[Mum, you might like just to skip this one.]
They're somewhere under the floorboards in our bedroom and they are very noisy. It seems that while we've been watching episode after episode of Prison Break in the comfort of our haven of a bed, the furry critters have been working on their own escape plan UNDER OUR VERY FEET.
We've squeezed poison down all the little gaps between the planks and I even invited some neighbours around yesterday evening provided they came accompanied by their cat. I invested all my hope of every sleeping again in the hunting instinct of their pet.
Unfortunately our feline saviour was visibly shaking as he came into the house. We let him loose in the bedroom and he dived straight under the bed and stayed there for over an hour until we'd finished the apéritif and our neighbours slunk home with their cowardly, useless cat. Back to square one. Scratch, scrape rustle.
Deborah sent me a link to this post in the Guardian about the impossibility of ever ridding onself of mice. Someone in the comments mentions mice repellents which emit ultrasounds so I googled that and trawled through descriptions of thousands of electronic devices. I'm tempted, but friends tell me they're useless.

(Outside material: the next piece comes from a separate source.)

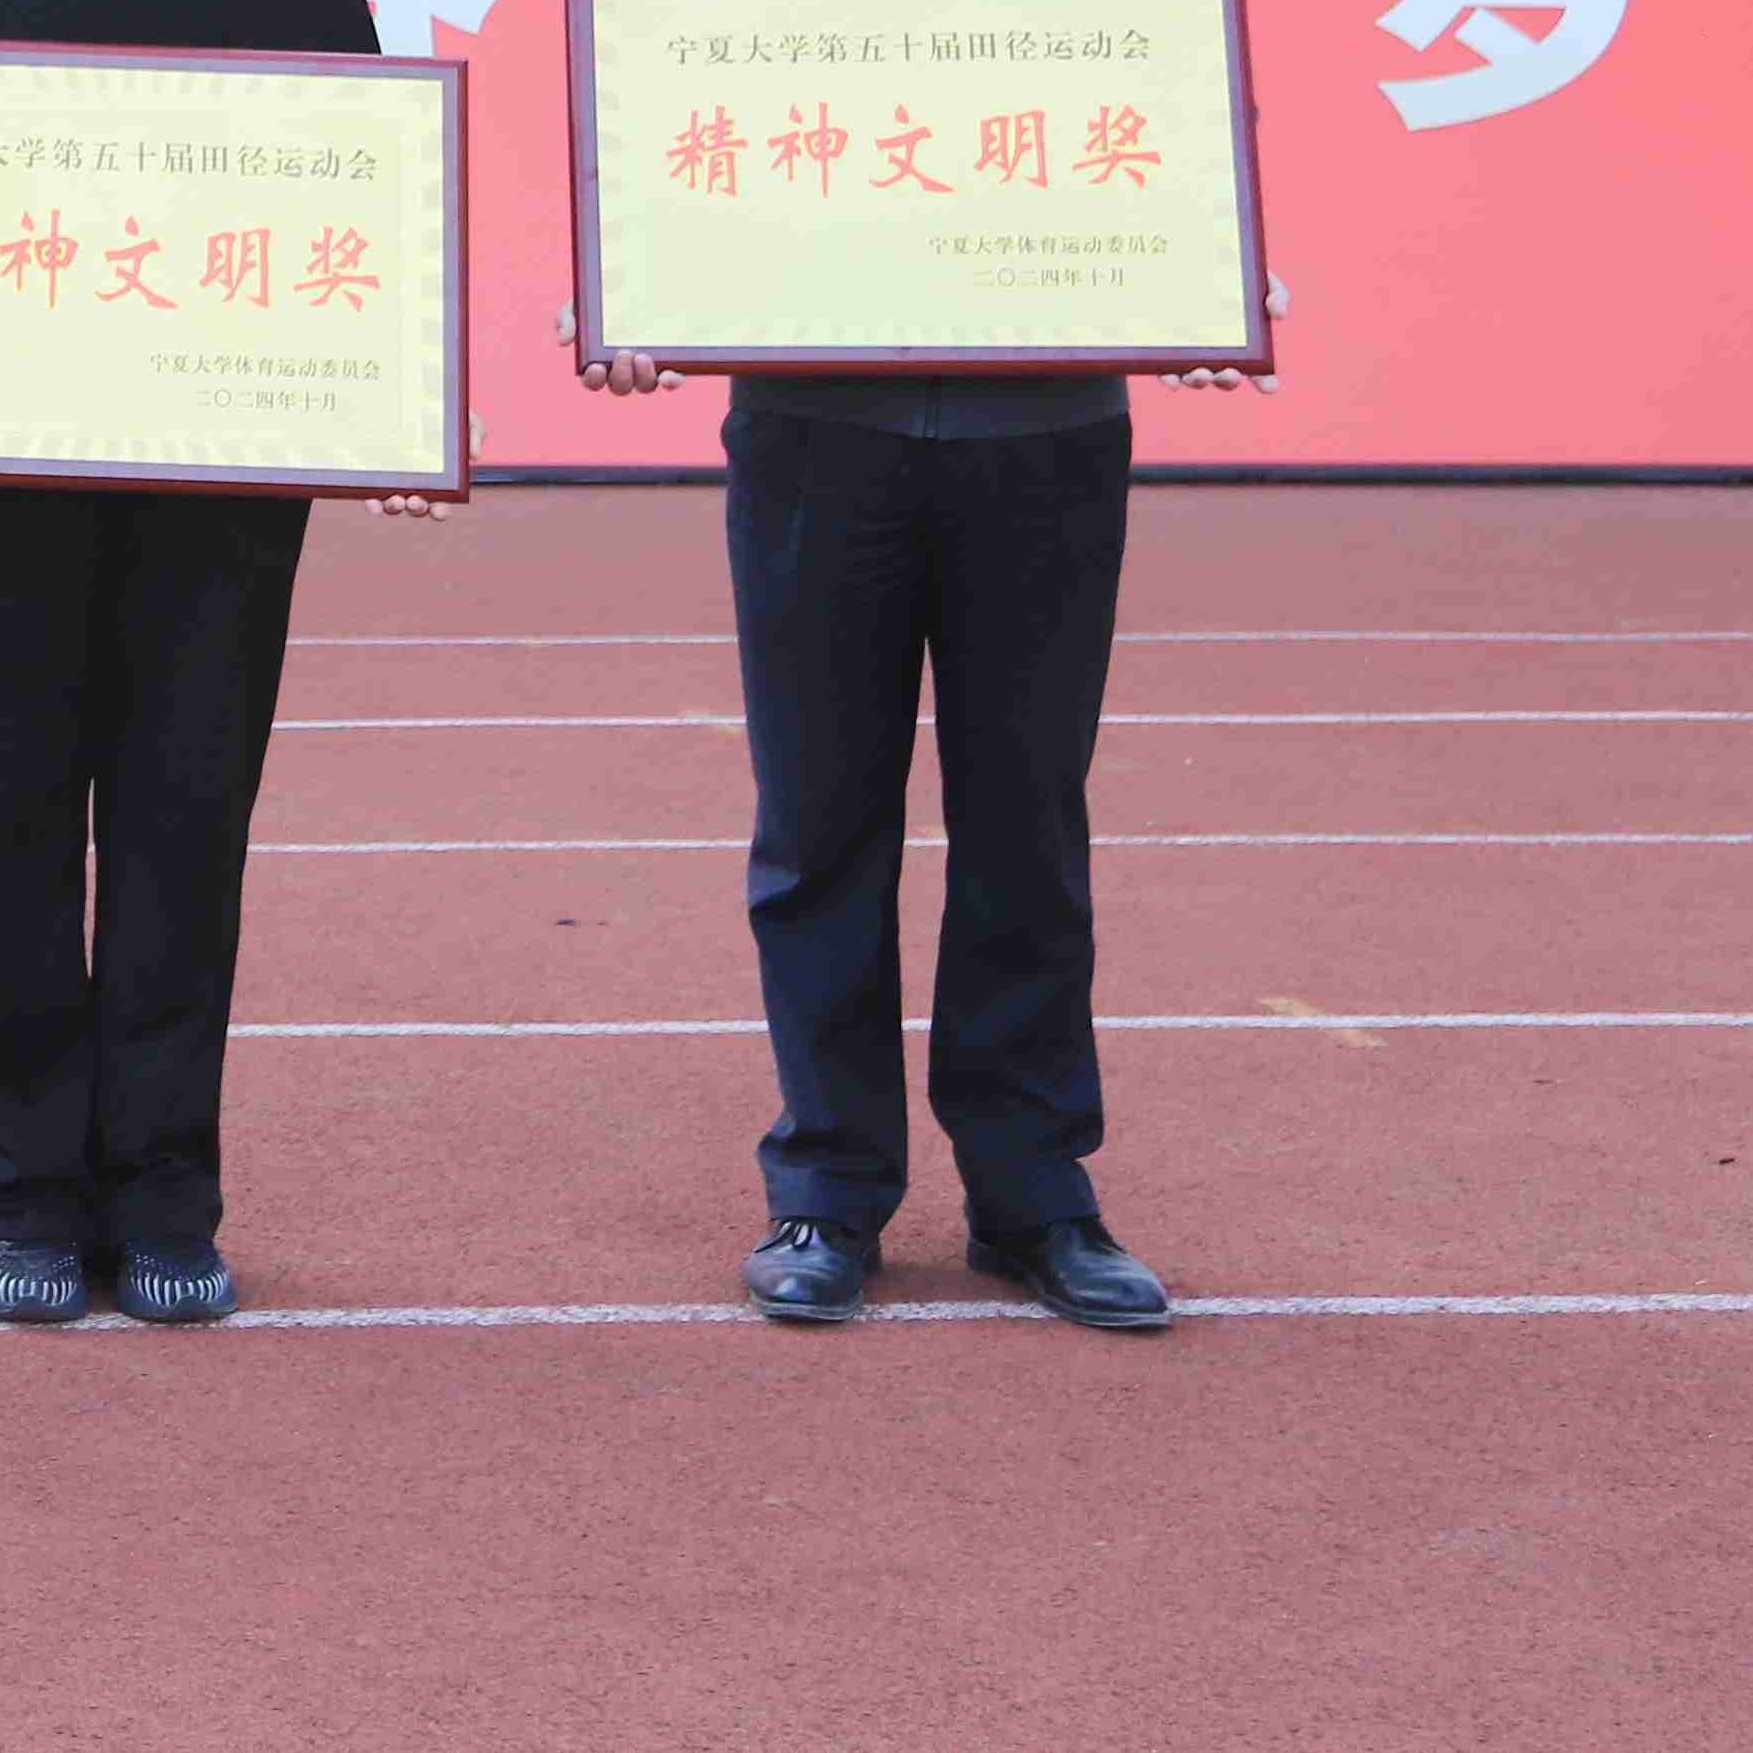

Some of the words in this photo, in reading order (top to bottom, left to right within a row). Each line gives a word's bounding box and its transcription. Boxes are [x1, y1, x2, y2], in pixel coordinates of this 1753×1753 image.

[667, 30, 1151, 65] 宁夏大学第五十届田径运动会
[666, 102, 1162, 198] 精神文明奖
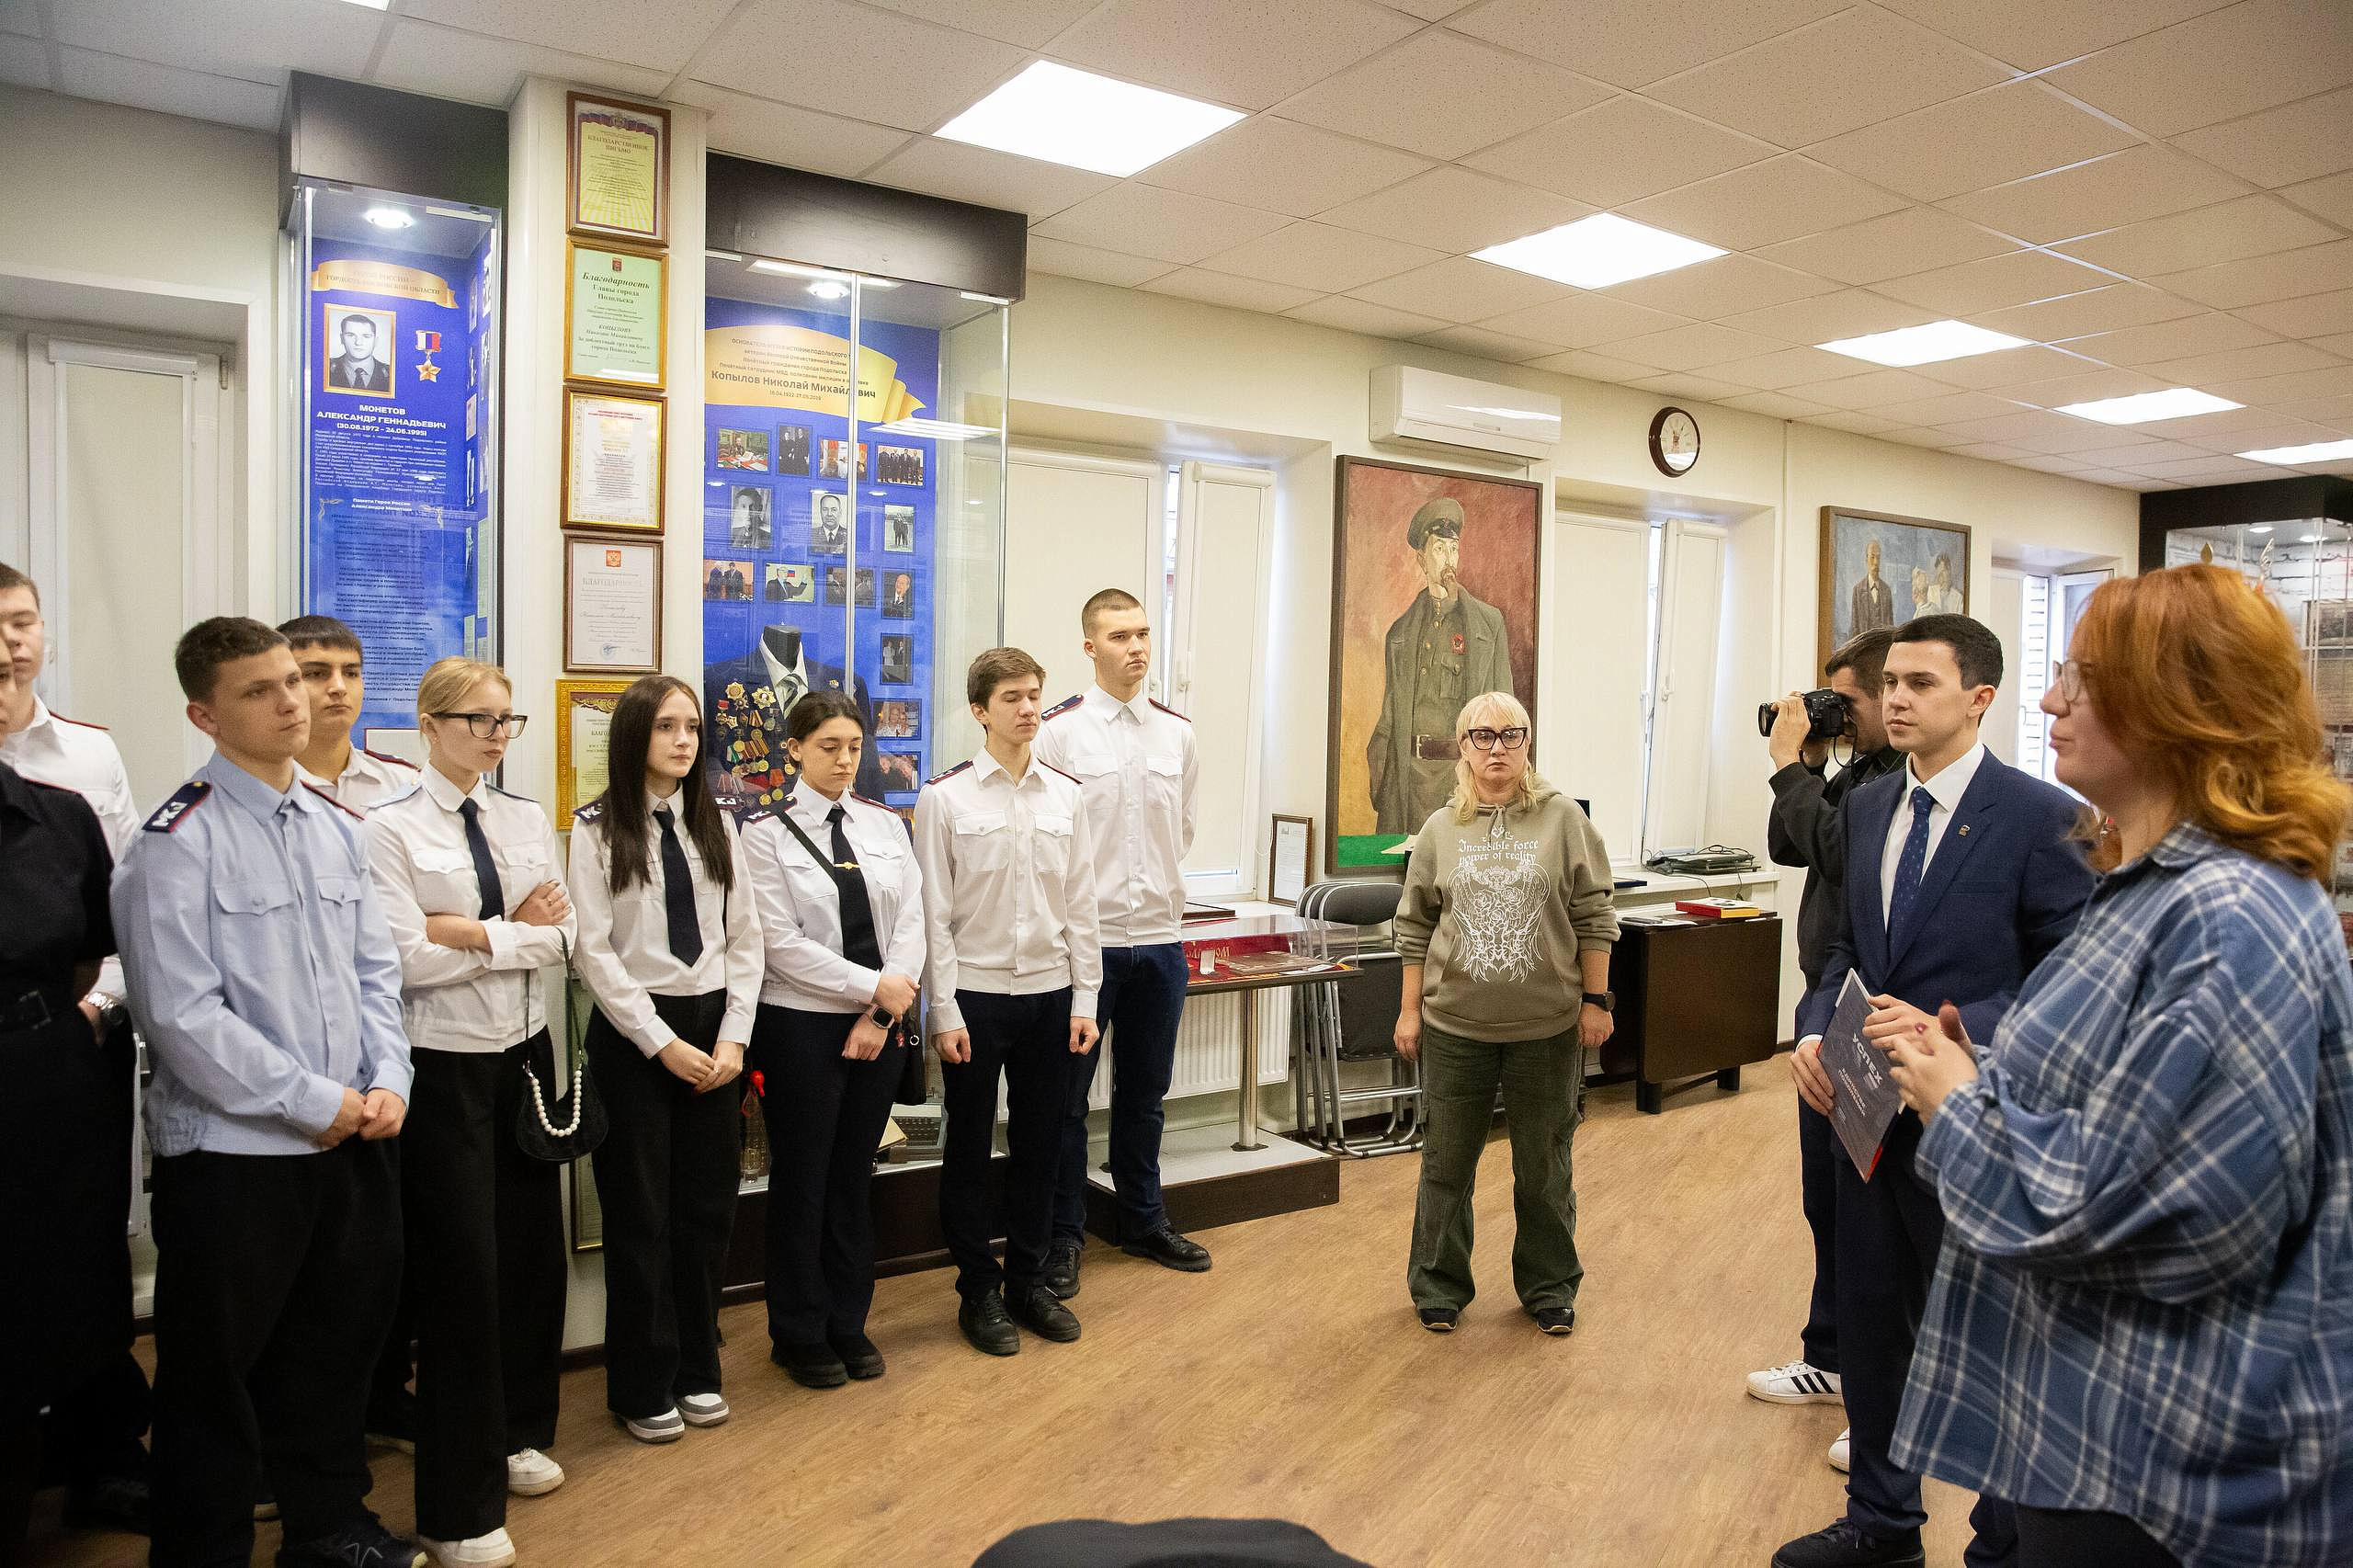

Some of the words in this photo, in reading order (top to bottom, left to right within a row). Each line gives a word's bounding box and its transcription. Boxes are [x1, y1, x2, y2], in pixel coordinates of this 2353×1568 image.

You know how when anything remotely alarming happens to you people insist on telling you about how much worse it could be / might get. "Ah you're having a baby? I know a woman who was in labour for seventeen straight days and ended up giving birth to a baby with three legs". "Going to the dentist, are you? My cousin got a bug from in a dentist's surgery. His entire jaw rotted off. I was at his funeral just last week." Today at work a colleague told me "Got mice have you? I have a friend who woke up in the middle of the night with a rat on his pillow and the rat bit his face." So please, only comments on infallible tips for total and complete mouse eradication ..........please. I may never sleep again.